- What the task asks -
Every line below must be reproduced exactly; no pictures are to be included.

────────

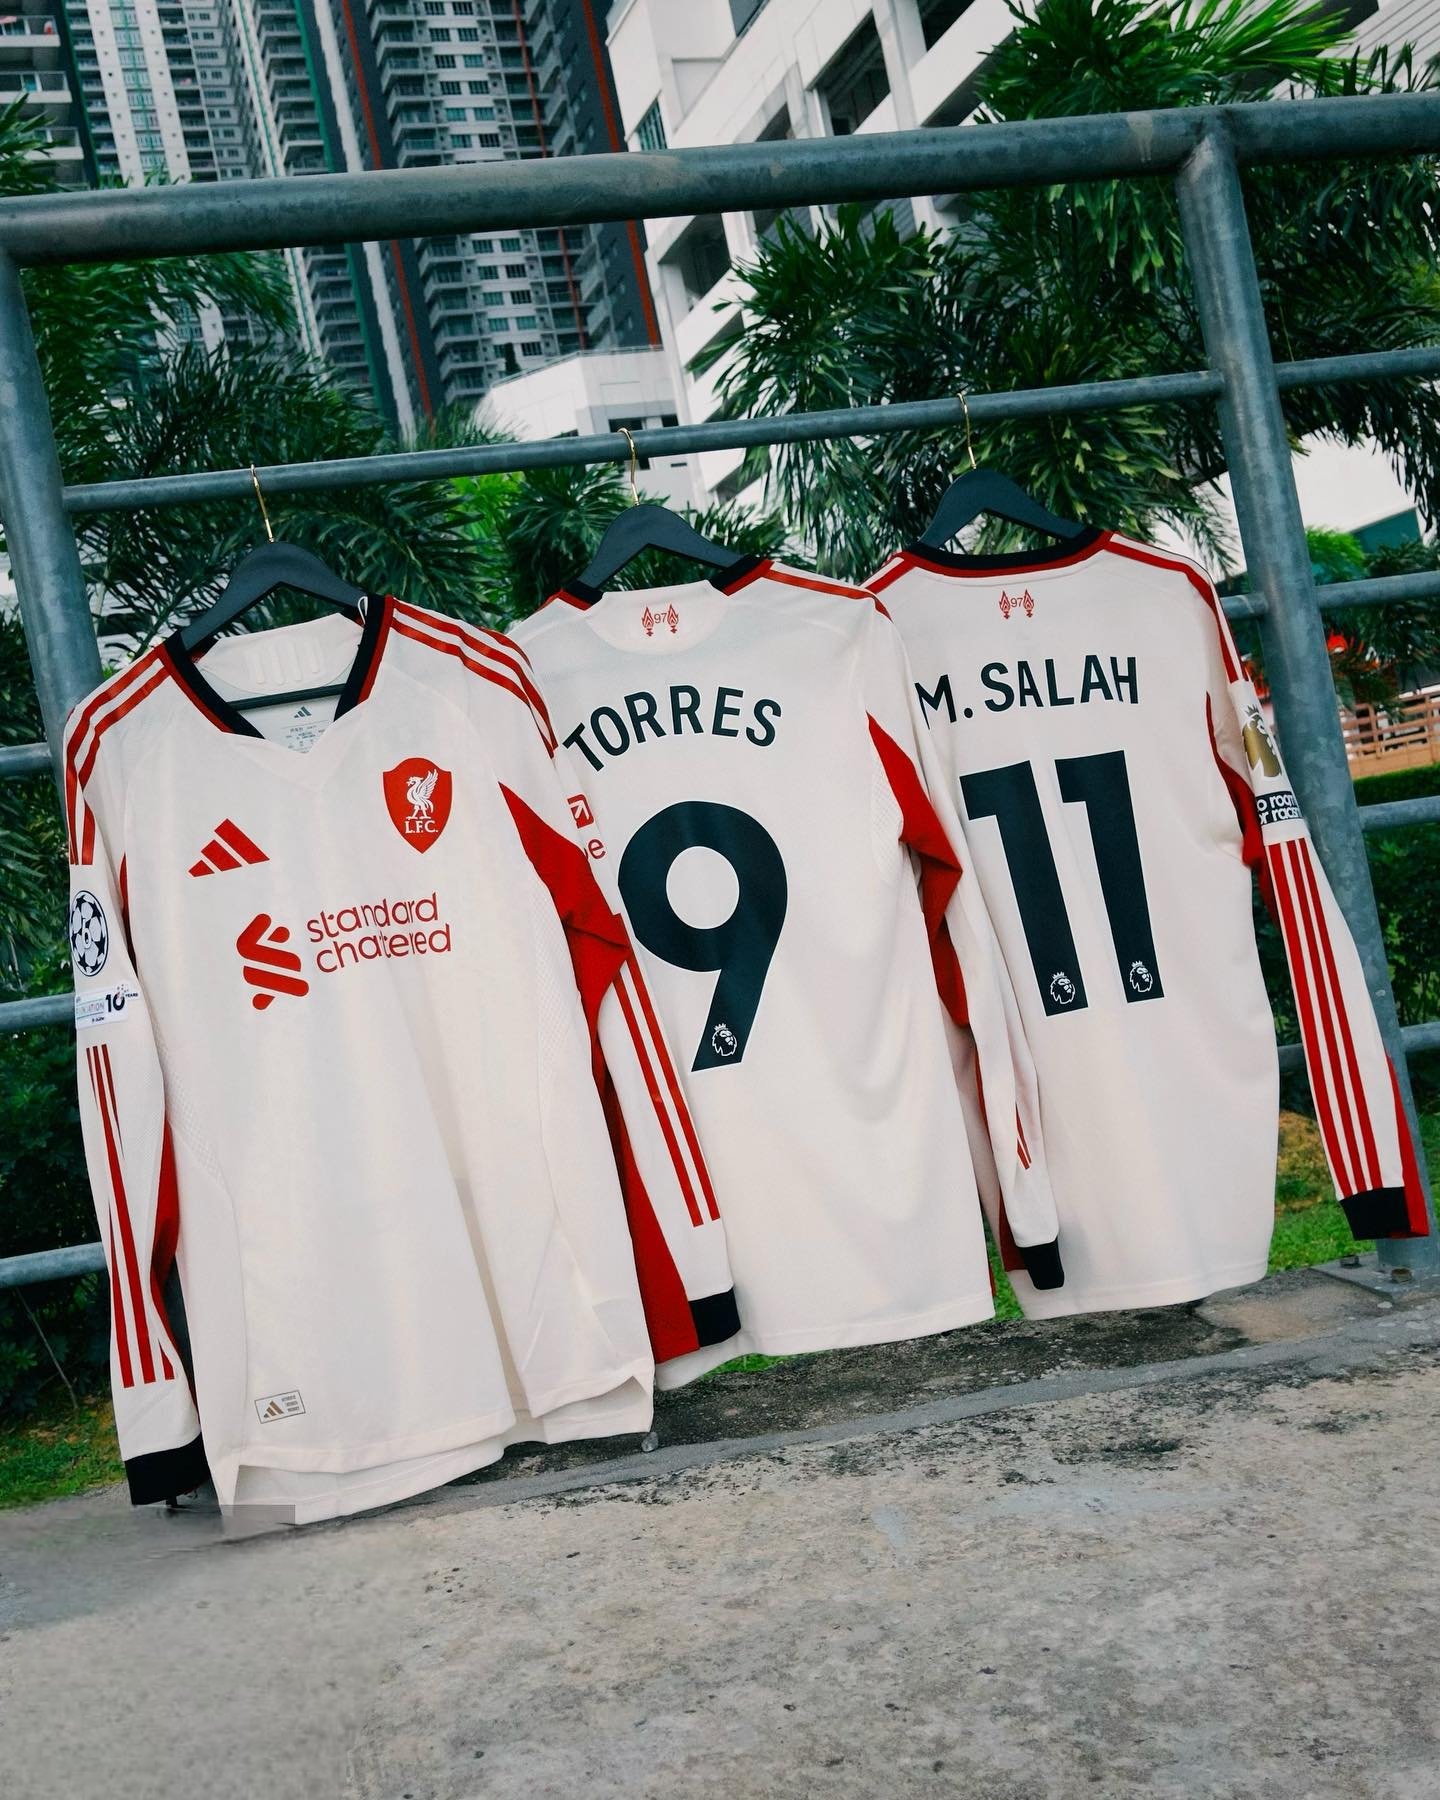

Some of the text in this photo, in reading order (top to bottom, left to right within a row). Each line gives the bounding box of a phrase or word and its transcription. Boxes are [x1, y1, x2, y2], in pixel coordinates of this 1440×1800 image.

[653, 611, 668, 624] 97
[1010, 597, 1023, 608] 97
[562, 684, 782, 773] TORRES
[959, 749, 1165, 1017] 11
[306, 891, 439, 943] standard
[617, 800, 788, 1073] 9
[105, 991, 126, 1013] 10

────────

- Task solution -
Some of the text in this photo, in reading order (top to bottom, left to right within a row). Each line gives the bounding box of a phrase or word and its transcription. Boxes are [x1, y1, x2, y2], in pixel coordinates of this 1440×1800 image.

[653, 611, 668, 624] 97
[1010, 597, 1023, 608] 97
[562, 684, 782, 773] TORRES
[959, 749, 1165, 1017] 11
[306, 891, 439, 943] standard
[617, 800, 788, 1073] 9
[105, 991, 126, 1013] 10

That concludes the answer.